**REQUIRED WORK**
Whatever appears in the records, retype it exactly, except for the pictures.

(Collected data)
▬▬▬▬▬▬▬▬▬▬

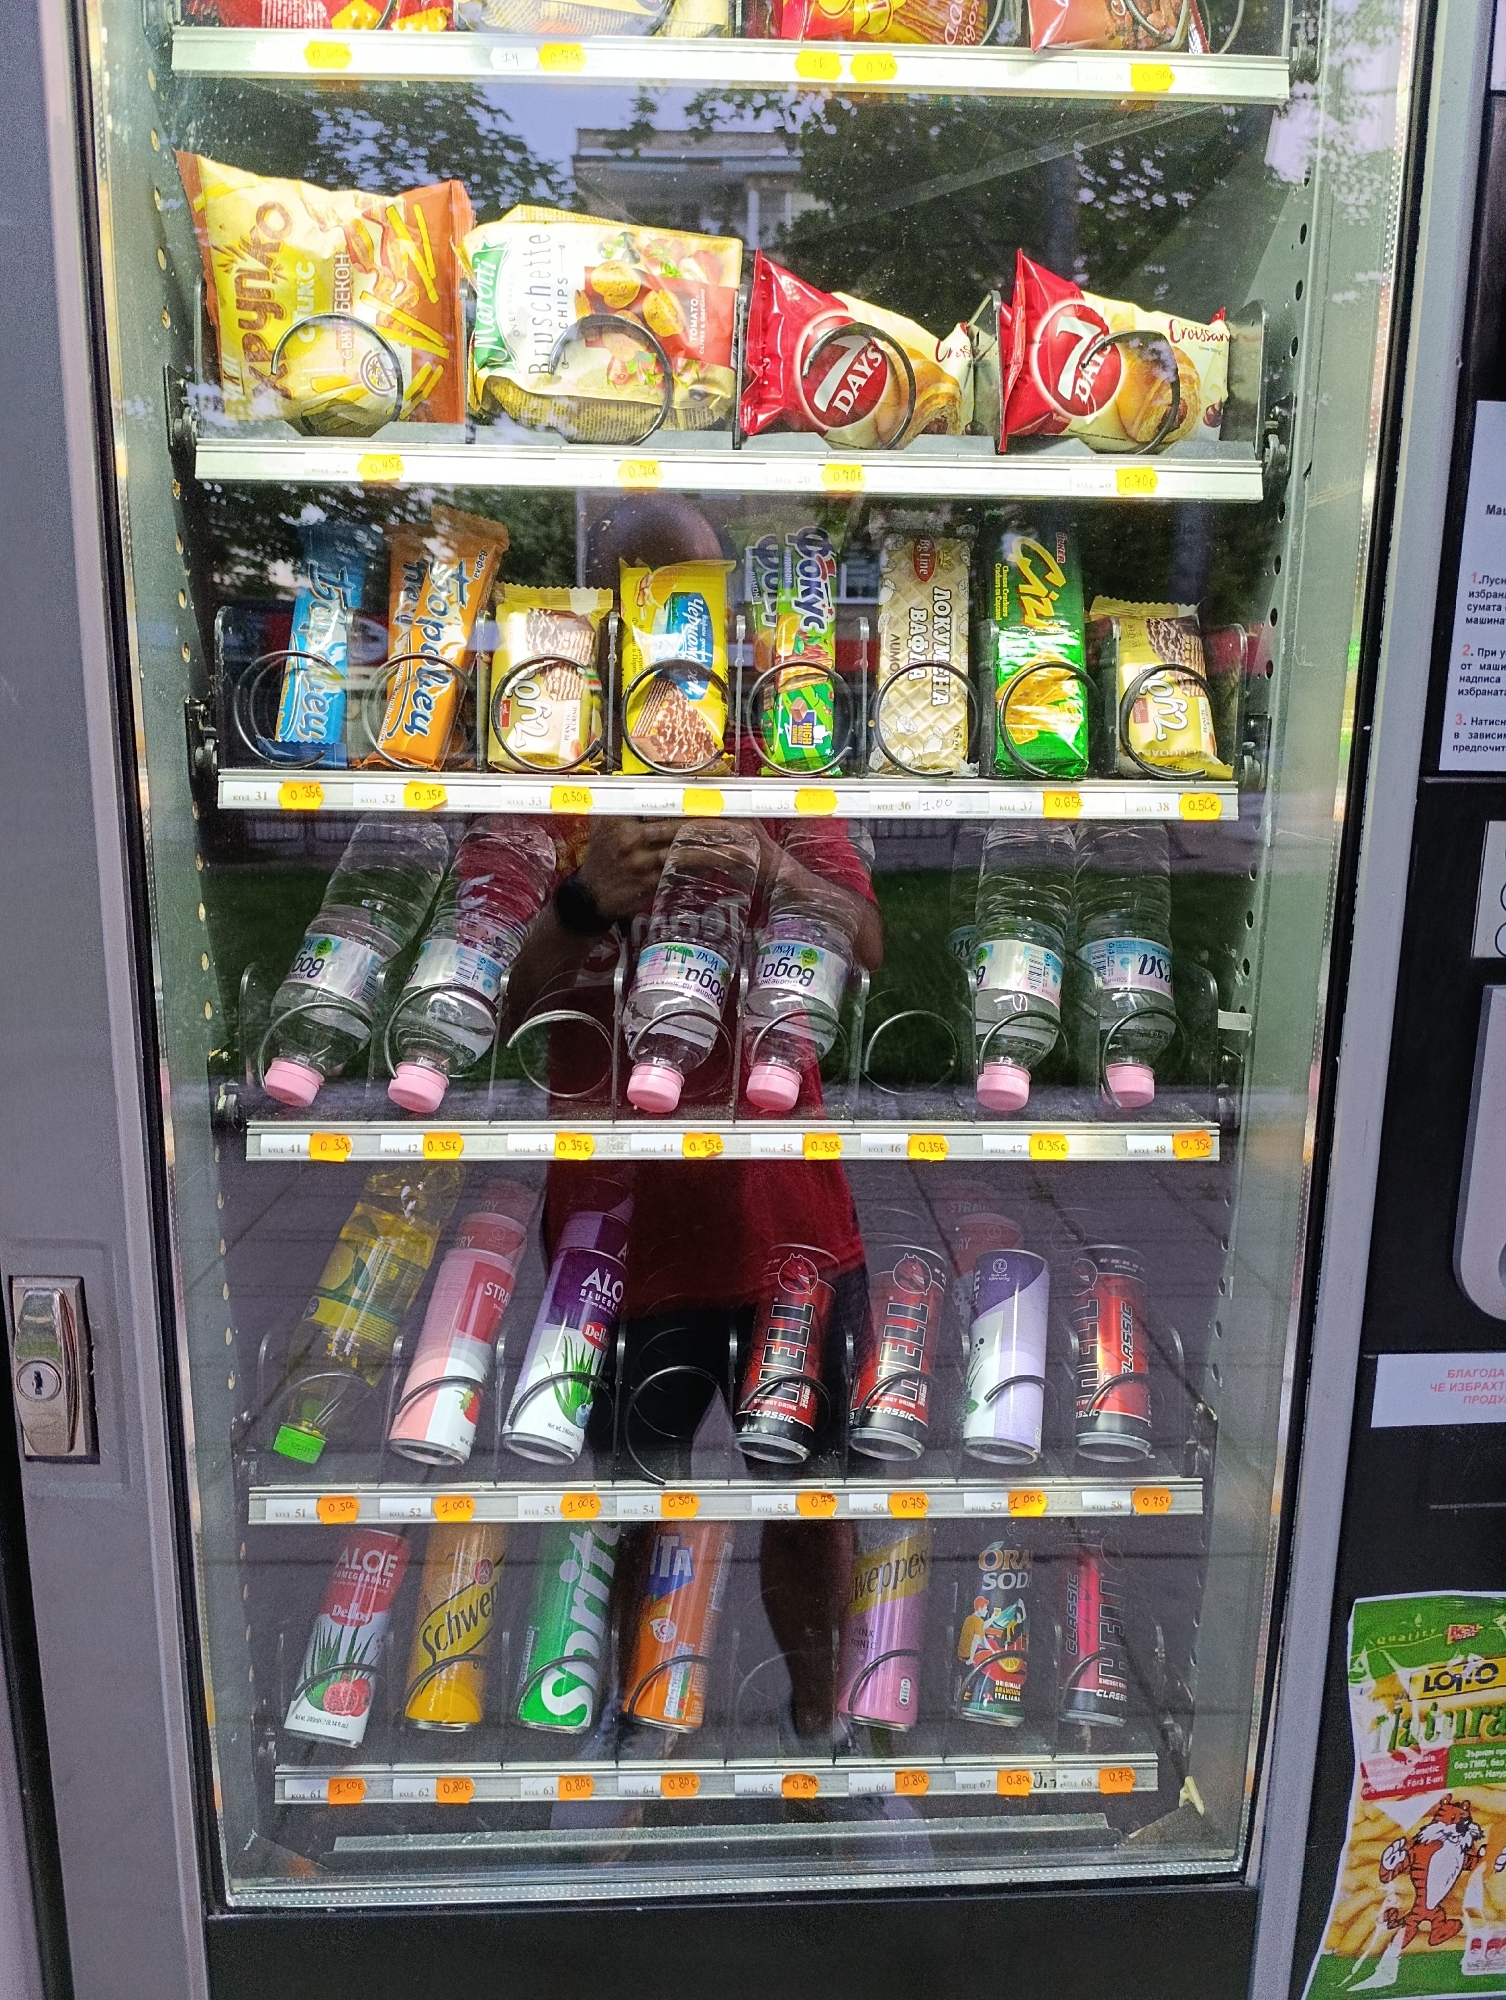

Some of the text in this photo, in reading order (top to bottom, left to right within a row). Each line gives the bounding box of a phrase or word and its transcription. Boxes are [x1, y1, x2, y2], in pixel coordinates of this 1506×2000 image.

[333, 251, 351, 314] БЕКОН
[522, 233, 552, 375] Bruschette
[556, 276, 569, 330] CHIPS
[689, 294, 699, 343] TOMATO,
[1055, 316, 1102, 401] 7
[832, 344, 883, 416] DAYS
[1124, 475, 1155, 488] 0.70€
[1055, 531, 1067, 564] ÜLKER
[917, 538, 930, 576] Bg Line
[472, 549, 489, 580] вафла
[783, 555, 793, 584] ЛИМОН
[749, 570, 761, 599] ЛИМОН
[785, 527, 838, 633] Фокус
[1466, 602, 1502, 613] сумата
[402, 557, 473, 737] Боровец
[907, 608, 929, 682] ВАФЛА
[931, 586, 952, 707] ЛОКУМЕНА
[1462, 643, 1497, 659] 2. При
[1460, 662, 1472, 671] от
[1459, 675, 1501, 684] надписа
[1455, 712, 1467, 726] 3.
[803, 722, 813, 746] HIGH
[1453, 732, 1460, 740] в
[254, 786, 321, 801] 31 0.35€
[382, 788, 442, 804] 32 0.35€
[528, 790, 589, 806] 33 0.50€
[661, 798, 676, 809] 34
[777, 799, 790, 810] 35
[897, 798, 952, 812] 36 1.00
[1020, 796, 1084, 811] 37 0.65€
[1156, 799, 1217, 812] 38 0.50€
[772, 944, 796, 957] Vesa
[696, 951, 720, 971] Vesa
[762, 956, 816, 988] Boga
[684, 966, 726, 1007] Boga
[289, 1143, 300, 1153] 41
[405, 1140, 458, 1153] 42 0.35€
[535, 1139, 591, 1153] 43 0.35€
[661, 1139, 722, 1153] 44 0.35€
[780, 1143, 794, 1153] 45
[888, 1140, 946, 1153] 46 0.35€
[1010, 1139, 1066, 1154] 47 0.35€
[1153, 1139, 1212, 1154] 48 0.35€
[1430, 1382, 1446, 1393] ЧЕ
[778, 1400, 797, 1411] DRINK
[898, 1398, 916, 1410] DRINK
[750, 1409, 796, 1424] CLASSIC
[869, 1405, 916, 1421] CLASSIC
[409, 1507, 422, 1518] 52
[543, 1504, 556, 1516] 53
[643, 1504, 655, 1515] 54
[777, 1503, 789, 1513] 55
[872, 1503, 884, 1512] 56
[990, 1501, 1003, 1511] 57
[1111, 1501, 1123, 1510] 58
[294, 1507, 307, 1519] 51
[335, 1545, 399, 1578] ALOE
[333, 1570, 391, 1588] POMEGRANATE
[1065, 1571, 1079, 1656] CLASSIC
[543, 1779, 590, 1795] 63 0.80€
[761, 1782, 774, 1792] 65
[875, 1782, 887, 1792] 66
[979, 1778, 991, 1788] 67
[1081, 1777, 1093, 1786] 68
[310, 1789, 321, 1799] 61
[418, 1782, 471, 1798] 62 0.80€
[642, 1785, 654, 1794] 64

▬▬▬▬▬▬▬▬▬▬

**TASK OUTPUT**
Some of the text in this photo, in reading order (top to bottom, left to right within a row). Each line gives the bounding box of a phrase or word and its transcription. Boxes are [x1, y1, x2, y2], in pixel coordinates of this 1506×2000 image.

[333, 251, 351, 314] БЕКОН
[522, 233, 552, 375] Bruschette
[556, 276, 569, 330] CHIPS
[689, 294, 699, 343] TOMATO,
[1055, 316, 1102, 401] 7
[832, 344, 883, 416] DAYS
[1124, 475, 1155, 488] 0.70€
[1055, 531, 1067, 564] ÜLKER
[917, 538, 930, 576] Bg Line
[472, 549, 489, 580] вафла
[783, 555, 793, 584] ЛИМОН
[749, 570, 761, 599] ЛИМОН
[785, 527, 838, 633] Фокус
[1466, 602, 1502, 613] сумата
[402, 557, 473, 737] Боровец
[907, 608, 929, 682] ВАФЛА
[931, 586, 952, 707] ЛОКУМЕНА
[1462, 643, 1497, 659] 2. При
[1460, 662, 1472, 671] от
[1459, 675, 1501, 684] надписа
[1455, 712, 1467, 726] 3.
[803, 722, 813, 746] HIGH
[1453, 732, 1460, 740] в
[254, 786, 321, 801] 31 0.35€
[382, 788, 442, 804] 32 0.35€
[528, 790, 589, 806] 33 0.50€
[661, 798, 676, 809] 34
[777, 799, 790, 810] 35
[897, 798, 952, 812] 36 1.00
[1020, 796, 1084, 811] 37 0.65€
[1156, 799, 1217, 812] 38 0.50€
[772, 944, 796, 957] Vesa
[696, 951, 720, 971] Vesa
[762, 956, 816, 988] Boga
[684, 966, 726, 1007] Boga
[289, 1143, 300, 1153] 41
[405, 1140, 458, 1153] 42 0.35€
[535, 1139, 591, 1153] 43 0.35€
[661, 1139, 722, 1153] 44 0.35€
[780, 1143, 794, 1153] 45
[888, 1140, 946, 1153] 46 0.35€
[1010, 1139, 1066, 1154] 47 0.35€
[1153, 1139, 1212, 1154] 48 0.35€
[1430, 1382, 1446, 1393] ЧЕ
[778, 1400, 797, 1411] DRINK
[898, 1398, 916, 1410] DRINK
[750, 1409, 796, 1424] CLASSIC
[869, 1405, 916, 1421] CLASSIC
[409, 1507, 422, 1518] 52
[543, 1504, 556, 1516] 53
[643, 1504, 655, 1515] 54
[777, 1503, 789, 1513] 55
[872, 1503, 884, 1512] 56
[990, 1501, 1003, 1511] 57
[1111, 1501, 1123, 1510] 58
[294, 1507, 307, 1519] 51
[335, 1545, 399, 1578] ALOE
[333, 1570, 391, 1588] POMEGRANATE
[1065, 1571, 1079, 1656] CLASSIC
[543, 1779, 590, 1795] 63 0.80€
[761, 1782, 774, 1792] 65
[875, 1782, 887, 1792] 66
[979, 1778, 991, 1788] 67
[1081, 1777, 1093, 1786] 68
[310, 1789, 321, 1799] 61
[418, 1782, 471, 1798] 62 0.80€
[642, 1785, 654, 1794] 64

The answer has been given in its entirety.